FeFF Program-1FeFF Program-2

Some shots of the director in action…

FeFF2

FeFF

Lucie Blush reviews REMEDY for welovegoodsex.com

I had the pleasure of meeting Barcelona filmmaker and blogger Lucie Blush at the Feminist Porn Awards in Toronto in early April. (Please check out her blog by clicking here — it’s a wonderful collection of reviews, musings and much much more. Especially good for folks who keep asking where the good porn is at…)

You should also check out her debut short pornographic film Alice Inside.

Click here to read Lucie Blush’s review of REMEDY!

A Short Review from the Programmer of the Fetish Film Festival Copenhagen

Quoted with permission from the Fetisch Film Festival Facebook Page:

Yesterday’s screening of REMEDY by Cheyenne Picardo was amazing. The crowd was blown away by it, and stayed and talked about it in the cinema lounge for over an hour after the film ended.

To my mind, REMEDY is fantastic – it feels extremely TRUE, both in the script, words, acting and the sheer closeness of the narrative. The film follows a woman who starts working as a professional BDSM Domina in New York, and describes her encounters with clients as well as her personal journey in the environment. It’s by turns funny, scary, seductive, thrilling and thought-provoking.

There is real in-depth complexity of both the characters and the rituals, and you really feel the different vibes of the different encounters. It has a sensitivity and honesty that really moves you (and scares and excites and touches and provokes.)

The visuals and storytelling kept flowing and evolving, at turns snappy and slow, montage and focused on a single feeling, energetic and intimate, as if we were in the catacombs watching a dimly-lit but extremely potent story being told/performed.

I hope to show this film again soon!

-Steen

Anti Sex Work Propaganda

The screening at SWOP-NYC last night went well, and I’m eager to do more like this across the country. The post-film discussion also confirmed a fear of mine, that some workers may find the film to be a piece of anti-sex work propaganda.

I can see how that read is possible, and it’s part of the reason that I chose to release the film under my real name and also make it clear in post-film discussions that I am in no way opposed to sex work, even if I’m slow to get involved in any political movement.

Because I created the film as a sort of exorcism of self-degradation. Before I wrote the script, I had assumed that the reason my trajectory as a pro-switch had gone so poorly was because something was wrong with ME. “Research” through memoirs of independent Dommes confirmed that I must have been terrible at it because I didn’t have a closet full of Prada bags. It was only after the film was completed that I realized that the problem was not me, not kinky sex, and not the work. And, despite what some people might think, I never thought the sex or the work was the problem. I was *never* ashamed of having done sex work.

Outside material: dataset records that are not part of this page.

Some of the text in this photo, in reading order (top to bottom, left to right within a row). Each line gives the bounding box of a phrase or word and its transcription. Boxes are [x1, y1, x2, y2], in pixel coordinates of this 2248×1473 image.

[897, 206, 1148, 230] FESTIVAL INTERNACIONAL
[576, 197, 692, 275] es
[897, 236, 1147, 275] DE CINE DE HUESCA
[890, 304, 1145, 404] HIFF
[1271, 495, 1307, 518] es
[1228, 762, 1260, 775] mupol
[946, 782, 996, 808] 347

The problem was, in this political and social climate, with sex work being stigmatized and under the best of circumstances inhabiting a grey area that is subject to legal whim half the time, the deck was and is stacked against workers. I have personal pride and competitive issues, that tendency so common (especially in subs) to never actually admit that something is too much for me until I, sometimes literally, break in two.

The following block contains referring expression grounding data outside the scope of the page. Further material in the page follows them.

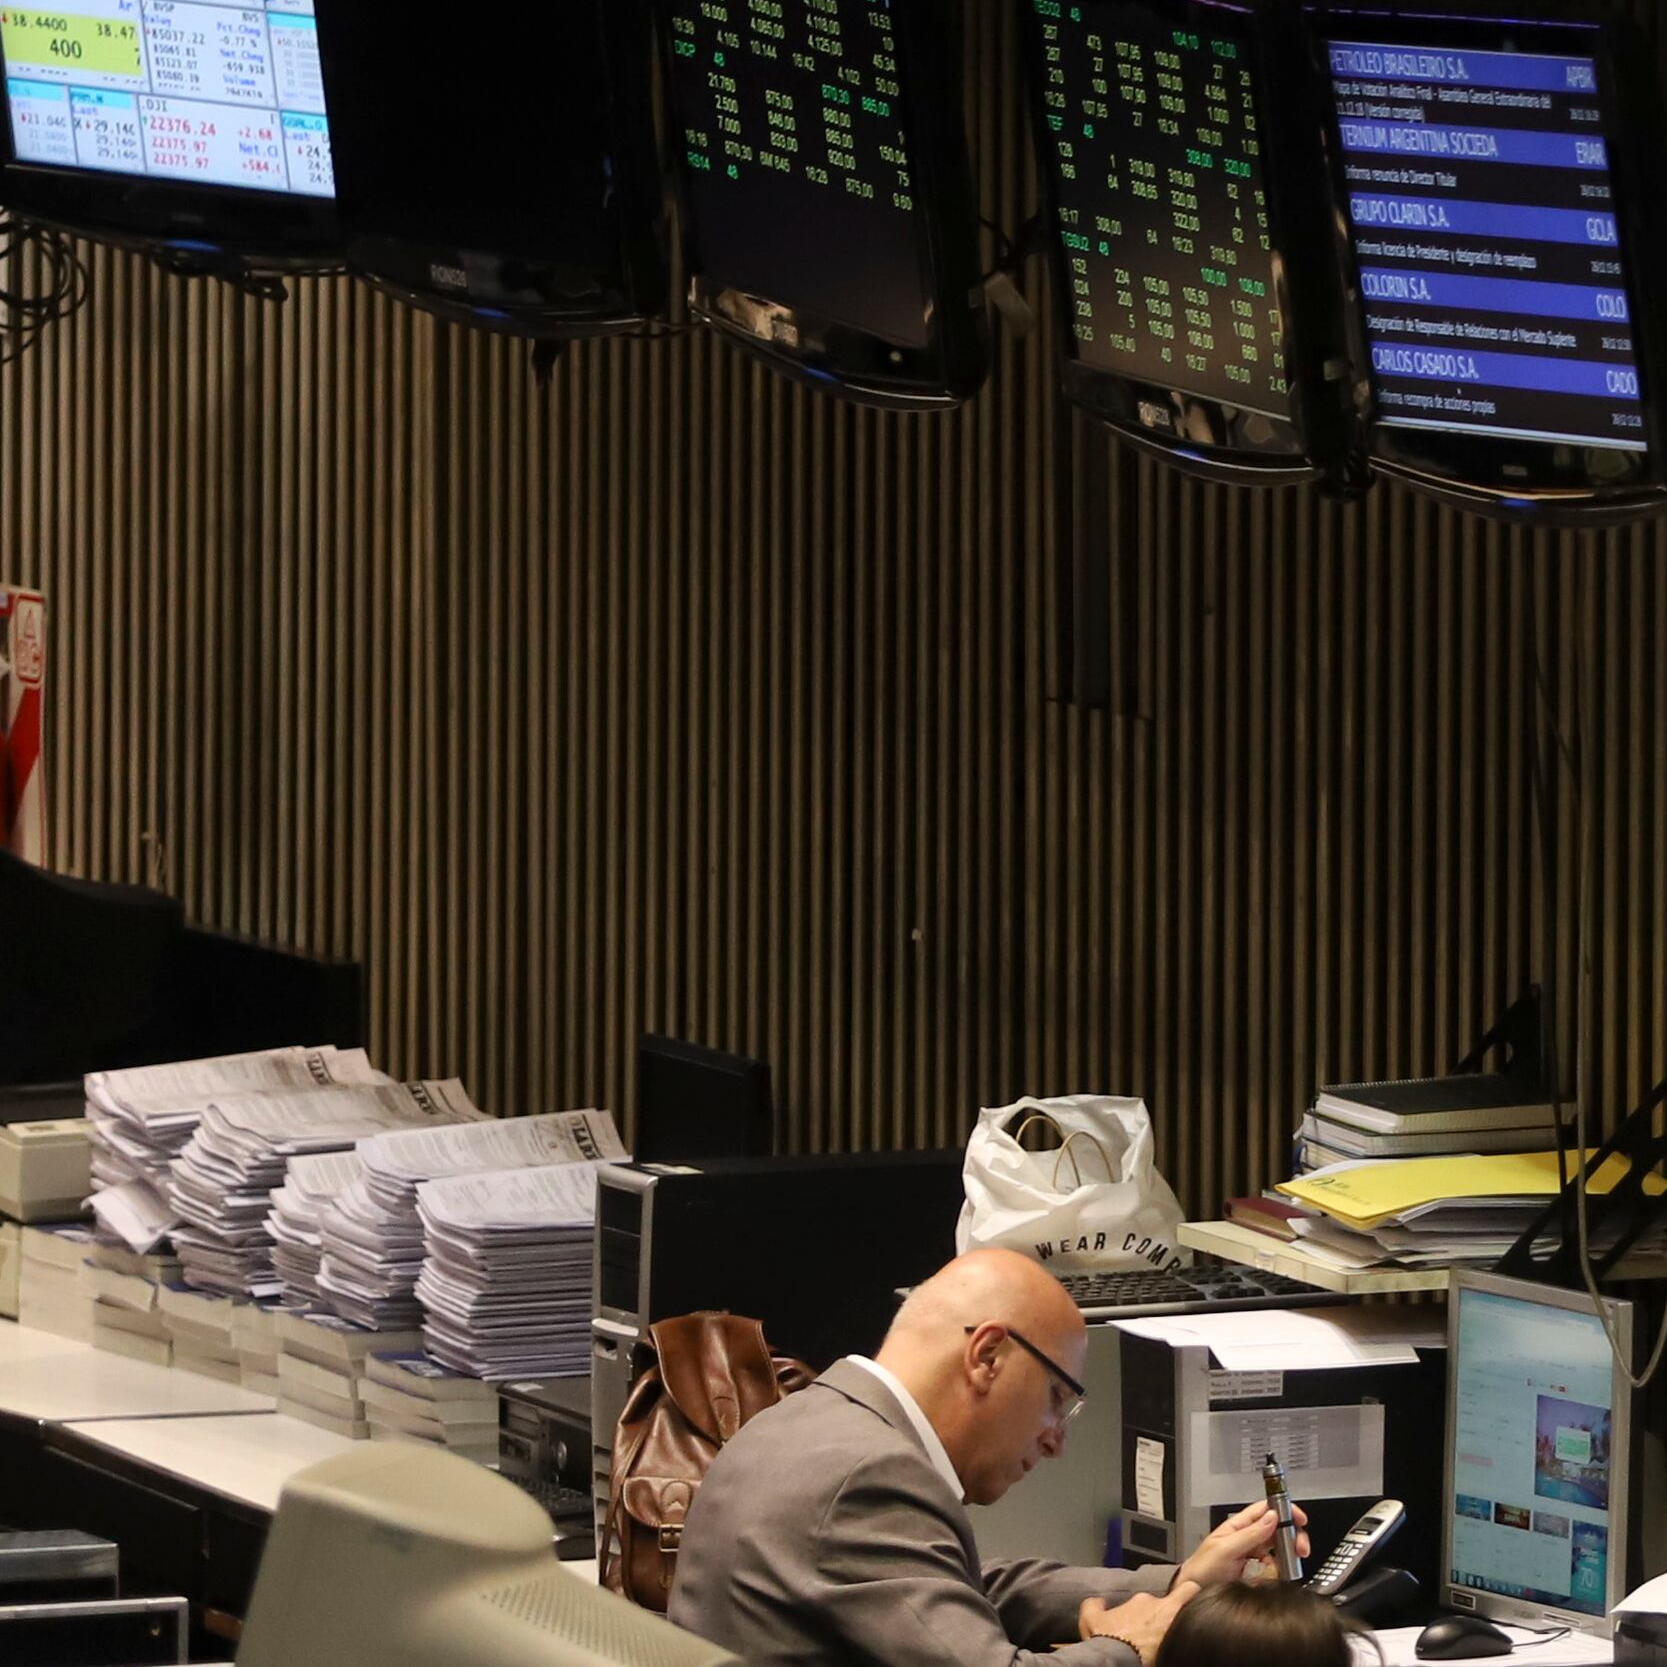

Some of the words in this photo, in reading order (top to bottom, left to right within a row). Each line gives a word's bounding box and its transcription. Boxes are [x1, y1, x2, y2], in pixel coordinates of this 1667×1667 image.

[50, 38, 83, 59] 400
[1350, 198, 1387, 223] GRUPO
[1372, 347, 1413, 373] CARLOS
[1414, 352, 1457, 377] CASADO
[1034, 1231, 1107, 1262] WEAR

Working in a house tickled these drives something ferocious. I believe that if everything had gone well, if most clients were good people, if everyone in a house had the workers’ health and well-being in mind, and (most importantly) if everyone involved from owner to worker to client was aware that the law had workers’ backs, I would *never* have left. The work is fucking interesting, and anyone who knows me is aware of how much I value a personal arsenal of good stories.

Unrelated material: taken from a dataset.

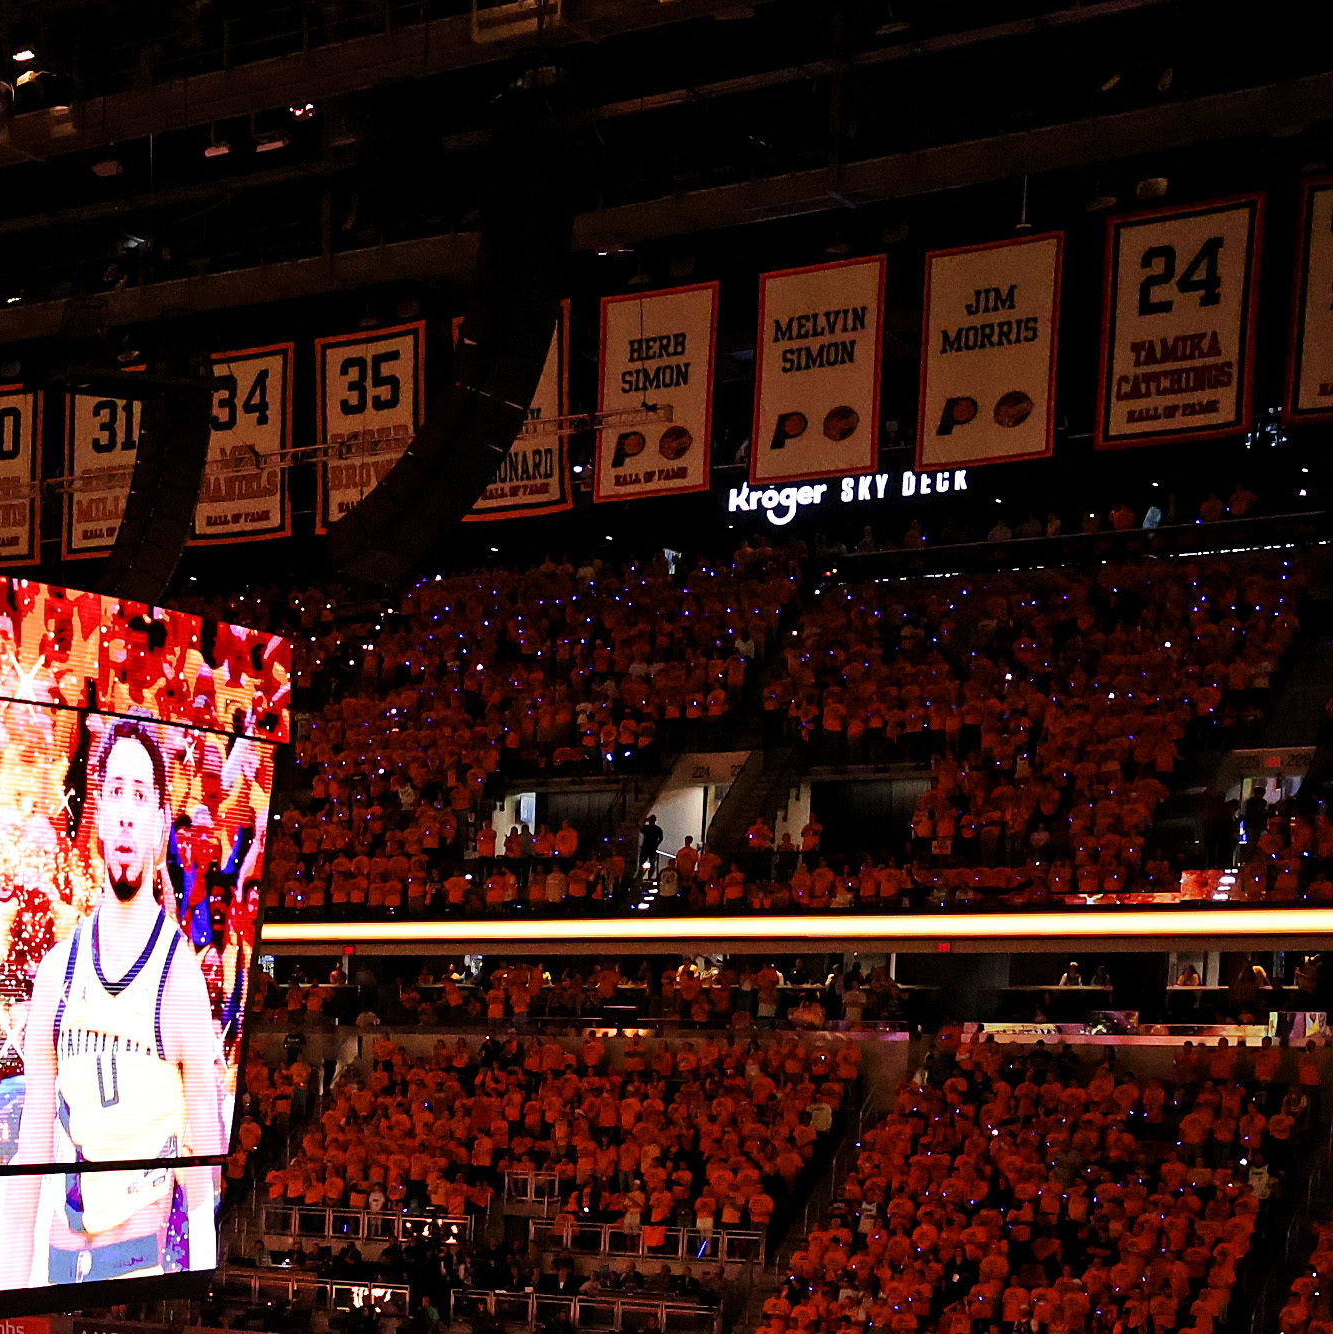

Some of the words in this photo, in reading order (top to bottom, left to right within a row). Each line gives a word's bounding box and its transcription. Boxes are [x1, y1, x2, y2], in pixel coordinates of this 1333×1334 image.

I started making this film so that I could work through my past in a way far slower and more expensive than therapy, but also so that other people who had similar experiences wouldn’t feel alone or marginalized or defective. If my story *doesn’t* reflect other workers’ experiences, I urge anyone — and I mean anyone — with a story to find some way to put it out there. I never wanted REMEDY to be the last word, but rather to be the start of a long conversation.